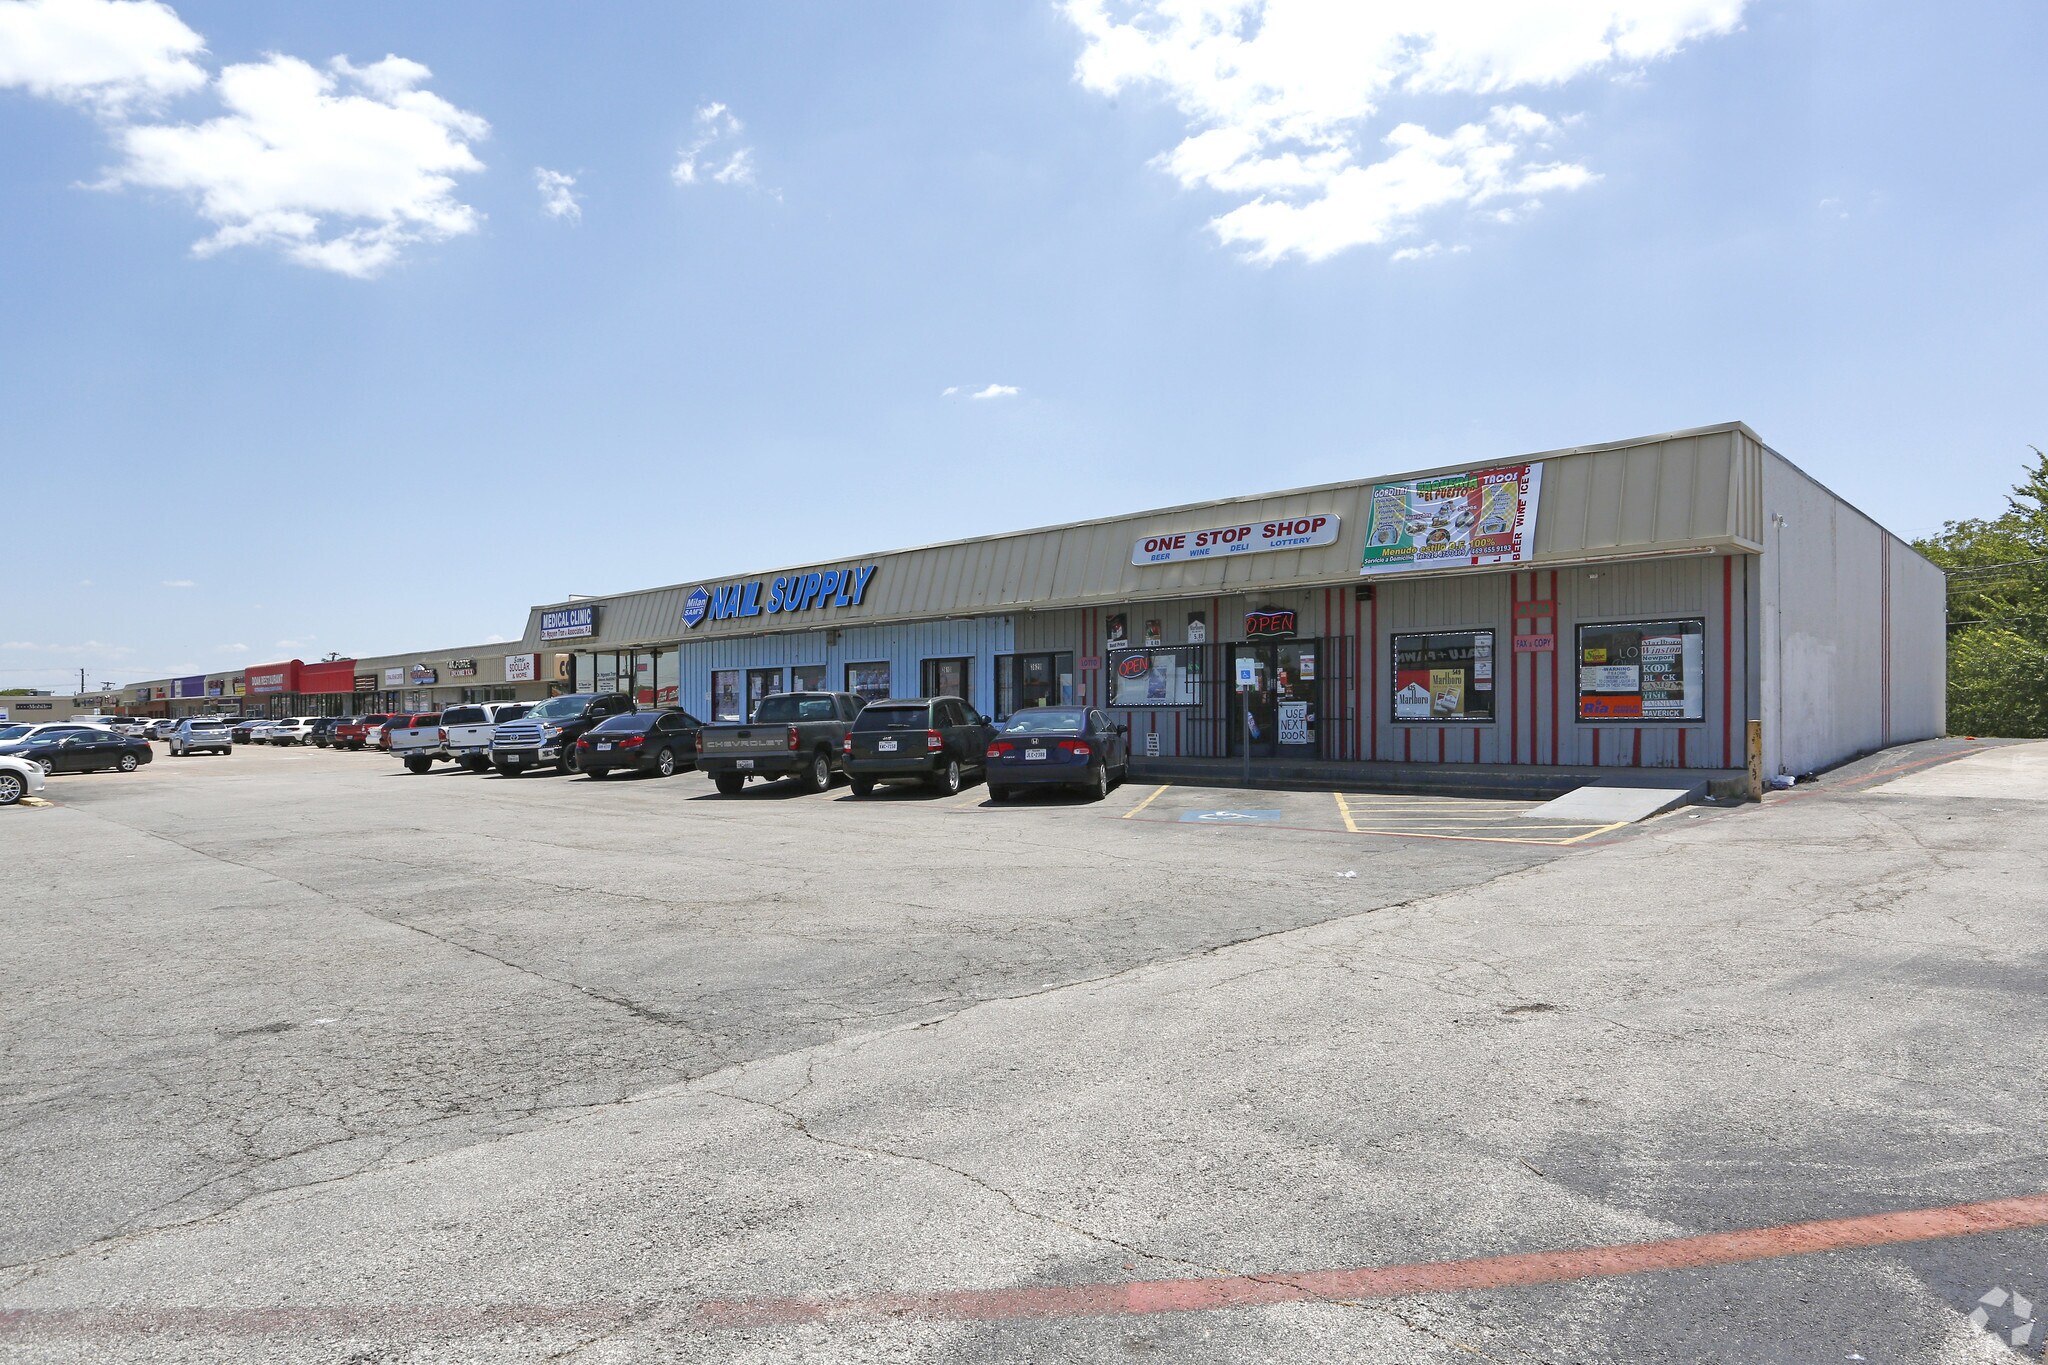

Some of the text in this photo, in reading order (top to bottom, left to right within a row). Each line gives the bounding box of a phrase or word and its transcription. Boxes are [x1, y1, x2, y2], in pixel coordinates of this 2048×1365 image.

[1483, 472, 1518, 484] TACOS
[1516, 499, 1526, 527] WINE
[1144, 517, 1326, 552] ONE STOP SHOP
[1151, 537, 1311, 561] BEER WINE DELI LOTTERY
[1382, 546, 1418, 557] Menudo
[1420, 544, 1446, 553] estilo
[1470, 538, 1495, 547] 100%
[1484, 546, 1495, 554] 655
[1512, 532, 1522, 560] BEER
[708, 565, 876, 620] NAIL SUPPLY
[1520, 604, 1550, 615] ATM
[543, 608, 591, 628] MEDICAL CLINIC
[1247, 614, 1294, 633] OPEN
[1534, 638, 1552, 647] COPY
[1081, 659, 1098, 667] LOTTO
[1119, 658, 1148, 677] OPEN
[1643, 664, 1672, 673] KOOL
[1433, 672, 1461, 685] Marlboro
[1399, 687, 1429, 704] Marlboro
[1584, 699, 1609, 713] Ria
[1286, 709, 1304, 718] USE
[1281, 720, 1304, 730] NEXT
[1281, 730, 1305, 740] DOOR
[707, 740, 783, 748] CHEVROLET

━━━━━━━━━━━━━━━━━━━━━━━━━━━━━━

→ **EXERCISE DETAILS**
Before you return the listing, strip out its pictures; all else must match exactly.

→ **PROBLEM SOLUTION**
Some of the text in this photo, in reading order (top to bottom, left to right within a row). Each line gives the bounding box of a phrase or word and its transcription. Boxes are [x1, y1, x2, y2], in pixel coordinates of this 2048×1365 image.

[1483, 472, 1518, 484] TACOS
[1516, 499, 1526, 527] WINE
[1144, 517, 1326, 552] ONE STOP SHOP
[1151, 537, 1311, 561] BEER WINE DELI LOTTERY
[1382, 546, 1418, 557] Menudo
[1420, 544, 1446, 553] estilo
[1470, 538, 1495, 547] 100%
[1484, 546, 1495, 554] 655
[1512, 532, 1522, 560] BEER
[708, 565, 876, 620] NAIL SUPPLY
[1520, 604, 1550, 615] ATM
[543, 608, 591, 628] MEDICAL CLINIC
[1247, 614, 1294, 633] OPEN
[1534, 638, 1552, 647] COPY
[1081, 659, 1098, 667] LOTTO
[1119, 658, 1148, 677] OPEN
[1643, 664, 1672, 673] KOOL
[1433, 672, 1461, 685] Marlboro
[1399, 687, 1429, 704] Marlboro
[1584, 699, 1609, 713] Ria
[1286, 709, 1304, 718] USE
[1281, 720, 1304, 730] NEXT
[1281, 730, 1305, 740] DOOR
[707, 740, 783, 748] CHEVROLET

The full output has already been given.